### What you will do
Drop every picture, then repeat the records exactly.

### Exercise data
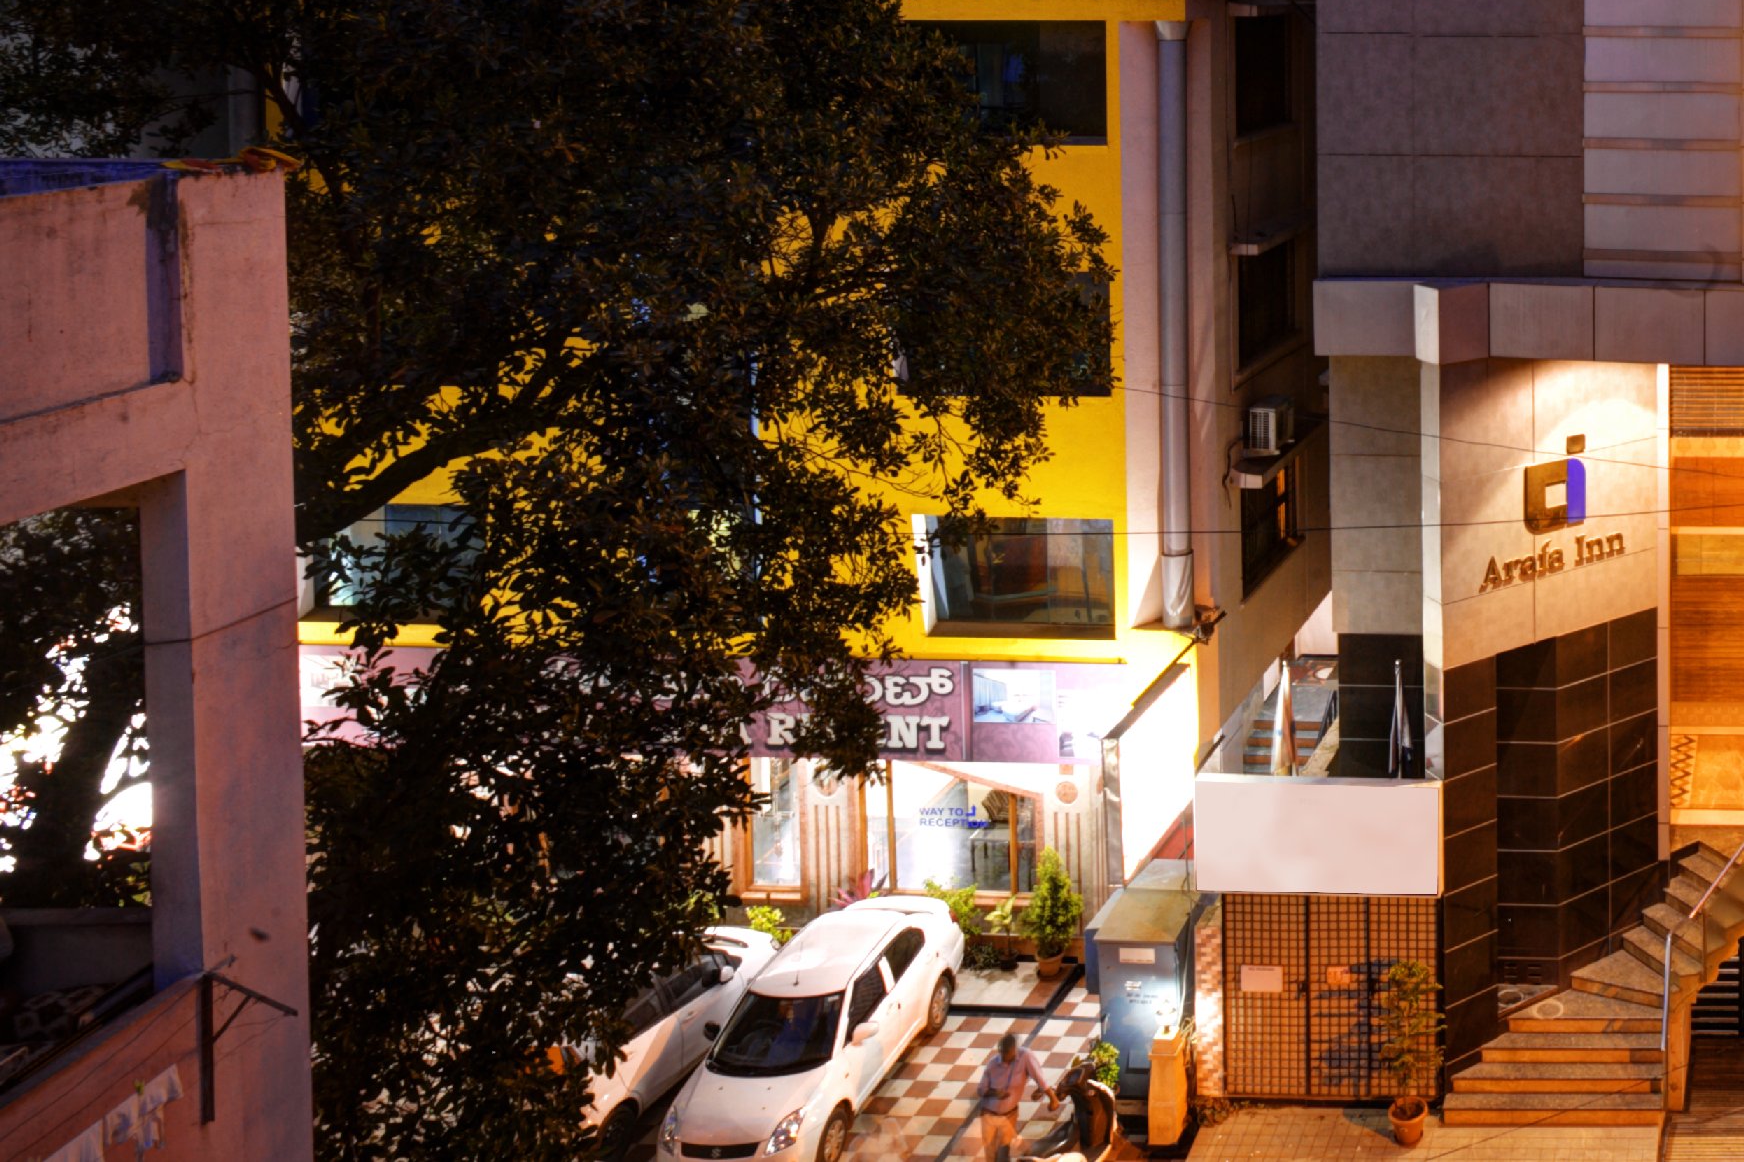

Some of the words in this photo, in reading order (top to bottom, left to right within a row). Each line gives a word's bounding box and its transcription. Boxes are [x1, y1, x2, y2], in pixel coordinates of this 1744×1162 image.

[1479, 539, 1566, 593] Arafa
[1575, 532, 1626, 567] Inn
[920, 807, 943, 816] WAY
[948, 807, 964, 816] TO

### Task response
Some of the words in this photo, in reading order (top to bottom, left to right within a row). Each line gives a word's bounding box and its transcription. Boxes are [x1, y1, x2, y2], in pixel coordinates of this 1744×1162 image.

[1479, 539, 1566, 593] Arafa
[1575, 532, 1626, 567] Inn
[920, 807, 943, 816] WAY
[948, 807, 964, 816] TO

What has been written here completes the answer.